It is wrong to cycle on the pavements, this should be the domain (if not last refuge) for the pedestrian. However, the roads can be very dangerous - I thought that London can be sketchy but from the sounds of things Manchester is 10 times worse. The issue is with poor provisions for cyclists, rubbish 1m wide lanes (discontinuous, over drain pipes and a myriad of pothole), few workable cycle lanes, and some very aggressive drivers couples with dangerous junctions and careless HGV drivers, there is a lot to look out for. In order to cycle in a city one needs to be much more alert than a car driver, or probably even a bus driver would, whilst it goes with the territory of us being the most vulnerable users of the road (as in those that go along it - discounting pedestrians) few measures are taken to make it any easier for us.

I am not surprised that many people, especially women, who would otherwise cycle do not, and that there is such a rivalry between motor users and cyclists, as we are viewed as doing something akin to an extreme sport AND in many cases it feels like that, and many navigate through this with a degree of aggressiveness and arrogance (usually topped with ridiculous clothing made from Lycra.)

In short, your average cyclists who wants to save some money and get from A to B, I would not be surprised should they chose the pavement. 

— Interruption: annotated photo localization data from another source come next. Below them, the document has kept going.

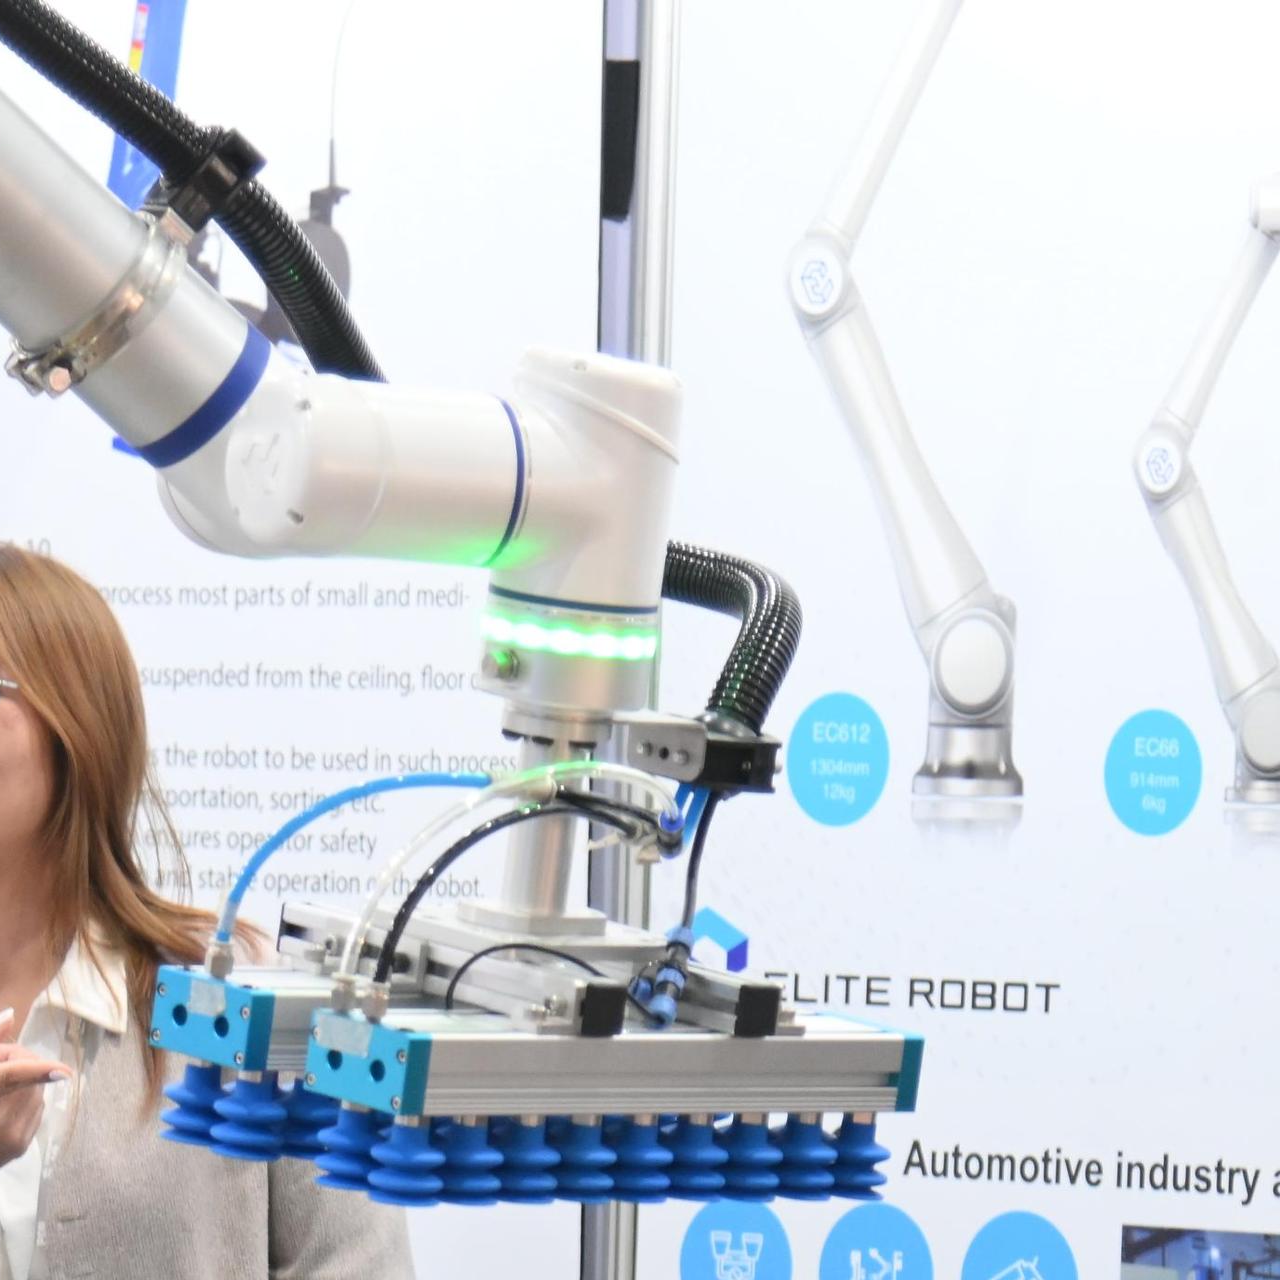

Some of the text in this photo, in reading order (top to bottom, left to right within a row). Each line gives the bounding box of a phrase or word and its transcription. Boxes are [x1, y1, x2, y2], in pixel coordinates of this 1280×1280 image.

[178, 584, 228, 607] most
[234, 585, 285, 611] parts
[291, 582, 312, 607] of
[318, 583, 369, 608] small
[374, 584, 410, 608] and
[140, 662, 249, 693] suspended
[255, 662, 303, 688] from
[309, 665, 342, 690] the
[347, 667, 415, 698] ceiling,
[420, 665, 464, 692] floor
[813, 721, 871, 745] EC612
[1134, 736, 1180, 759] EC66
[165, 744, 195, 767] the
[203, 746, 257, 768] robot
[265, 748, 283, 769] to
[291, 747, 316, 769] be
[322, 748, 368, 772] used
[375, 750, 392, 771] in
[398, 749, 441, 773] such
[319, 829, 378, 861] safety
[263, 868, 356, 899] operation
[908, 978, 1061, 1013] ROBOT
[902, 1138, 1103, 1188] Automotive
[1115, 1150, 1261, 1206] industry

Perhaps this is an issue to raise with the oncoming elections...nope we'll just scapegoat and 'get tough' on immigrants


----------



## JamesAC (11 Mar 2010)

Arch said:


> But the point is, someone (especially someone vulnerable like an elderly or frail person) may be frightened dozens of times, and never hurt. That doesn't make the fright any less real for them.
> 
> It's easy to be blase about fear when you're fit and healthy and active. But many people are very afraid of a fall that might break a hip, or hurt their back - I know I've been very cagey the last few weeks, with a sore back.
> 
> Actually, if people could be trusted to cycle responsibly on the pavements (slowly, no weaving in and out of people), I'd have no problem with it. As ever, it's the thoughtless few who make the rules necessary, and if there's a rule, I like to see it obeyed.


+1

The trouble is, you rarely, if ever, see a cyclist cycling slowly on the pavement (ie at or slower than walking pace) - they are always tearing about, weaving between pedestrians. And pedestrians includes young children, parents with kids in prams, visually impaired people, less able people, old folk. 

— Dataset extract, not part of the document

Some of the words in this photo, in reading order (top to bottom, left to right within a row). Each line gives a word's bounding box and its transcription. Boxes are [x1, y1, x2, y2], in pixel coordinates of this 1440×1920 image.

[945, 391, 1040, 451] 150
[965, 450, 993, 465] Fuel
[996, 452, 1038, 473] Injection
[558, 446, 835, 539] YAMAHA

Stay on the road, if you're a cyclist, where you should be.


----------



## potsy (11 Mar 2010)

We have a lovely wide well marked out shared path (along side Wythenshawe park) that then continues onto an existing pavement where no improvements/modifications have been made to accomodate cyclists yet is still classed as a shared use path.It is narrow,strewn with litter bins bus shelters etc whuch makes it very dangerous for peds and cyclists to safely share this space,so even though it's there I tend not to use it very often.


----------



## brokenbetty (11 Mar 2010)

JamesAC said:


> +1
> 
> The trouble is, you rarely, if ever, see a cyclist cycling slowly on the pavement (ie at or slower than walking pace) - they are always tearing about, weaving between pedestrians. And pedestrians includes young children, parents with kids in prams, visually impaired people, less able people, old folk.

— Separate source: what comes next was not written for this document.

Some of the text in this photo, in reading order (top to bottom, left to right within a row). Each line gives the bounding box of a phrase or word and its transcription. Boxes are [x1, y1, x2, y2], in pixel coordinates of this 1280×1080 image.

Anyway, if one is only going walking pace it would be easier and safer to get off and walk. It's pretty hard to ride a bike safely through pedestrians at walking pace because your steering and balance are compromised.


----------



## Cab (11 Mar 2010)

JamesAC said:


> +1
> 
> The trouble is, you rarely, if ever, see a cyclist cycling slowly on the pavement (ie at or slower than walking pace) - they are always tearing about, weaving between pedestrians. And pedestrians includes young children, parents with kids in prams, visually impaired people, less able people, old folk.
> 
> Stay on the road, if you're a cyclist, where you should be.



You rarely see joggers going at less than walking pace, they're usually going much faster and often weaving in and out between pedestrians. Would you seek to bar them from using the pavements on those grounds?

Again, I find myself wondering why if it is so very dangerous there are gvanishingly few serious accidents caused by this. 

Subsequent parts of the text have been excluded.